Lunes de la III semana de Cuaresma (B)

Lectura del santo Evangelio según san Lucas (4, 24-30)

Jesús volvió a Galilea con la fuerza del Espíritu; y su fama se extendió por toda la comarca. Enseñaba en las sinagogas, y todos lo alababan.

Fue a Nazaret, donde se había criado, entró en la sinagoga, como era su costumbre los sábados, y se puso en pie para hacer la lectura. Le entregaron el rollo del profeta Isaías y, desenrollándolo, encontró el pasaje donde estaba escrito: «El Espíritu del Señor está sobre mí, porque él me ha ungido.
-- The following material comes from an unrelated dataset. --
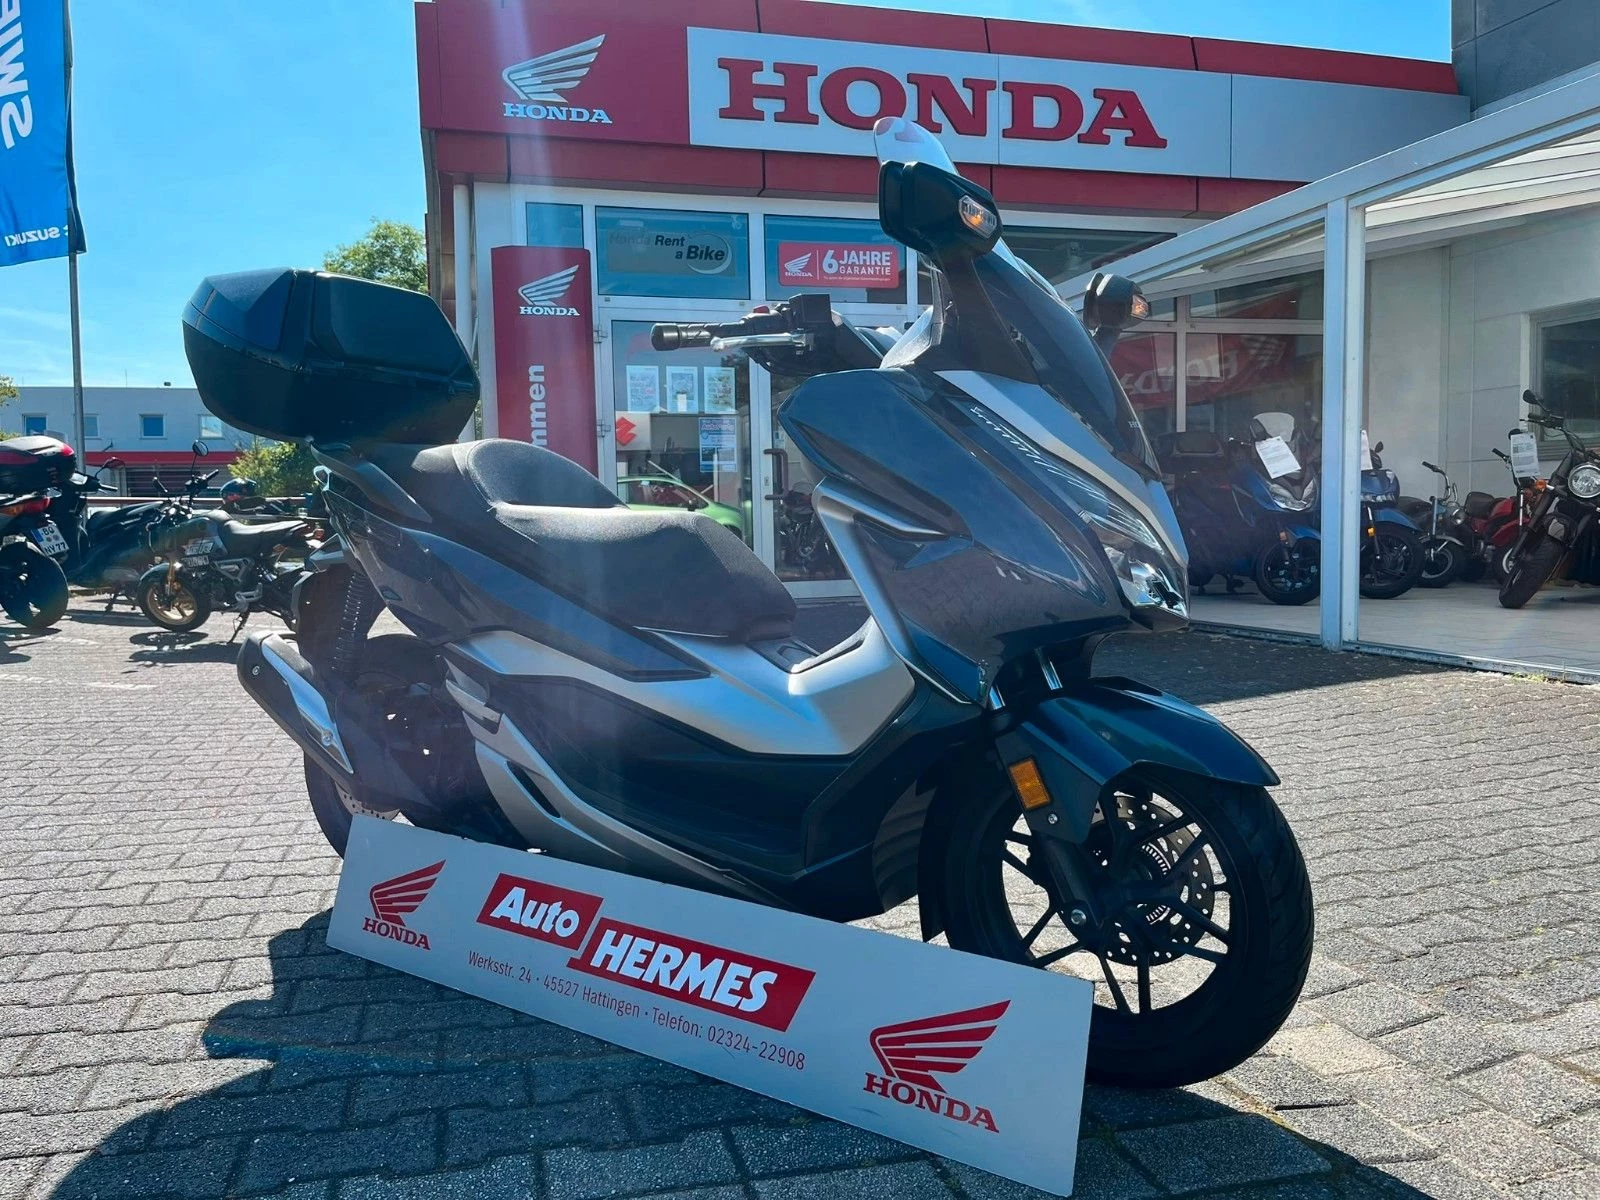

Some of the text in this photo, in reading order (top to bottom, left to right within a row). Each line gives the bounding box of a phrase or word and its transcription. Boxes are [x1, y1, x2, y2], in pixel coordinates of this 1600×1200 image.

Me ha enviado a evangelizar a los pobres, a proclamar a los cautivos la libertad, y a los ciegos, la vista; a poner en libertad a los oprimidos; a proclamar el año de gracia del Señor». Y, enrollando el rollo y devolviéndolo al que lo ayudaba, se sentó. Toda la sinagoga tenía los ojos clavados en él. Y él comenzó a decirles: «Hoy se ha cumplido esta Escritura que acabáis de oír». Y todos le expresaban su aprobación y se admiraban de las palabras de gracia que salían de su boca. Y decían: «¿No es este el hijo de José?». Pero Jesús les dijo: «Sin duda me diréis aquel refrán: “Médico, cúrate a ti mismo”, haz también aquí, en tu pueblo, lo que hemos oído que has hecho en Cafarnaún». Y añadió: «En verdad os digo que ningún profeta es aceptado en su pueblo. Puedo aseguraros que en Israel había muchas viudas en los días de Elías, cuando estuvo cerrado el cielo tres años y seis meses y hubo una gran hambre en todo el país; sin embargo, a ninguna de ellas fue enviado Elías sino a una viuda de Sarepta, en el territorio de Sidón. Y muchos leprosos había en Israel en tiempos del profeta Eliseo, sin embargo, ninguno de ellos fue curado sino Naamán, el sirio». Al oír esto, todos en la sinagoga se pusieron furiosos y, levantándose, lo echaron fuera del pueblo y lo llevaron hasta un precipicio del monte sobre el que estaba edificado su pueblo, con intención de despeñarlo. Pero Jesús se abrió paso entre ellos y seguía su camino.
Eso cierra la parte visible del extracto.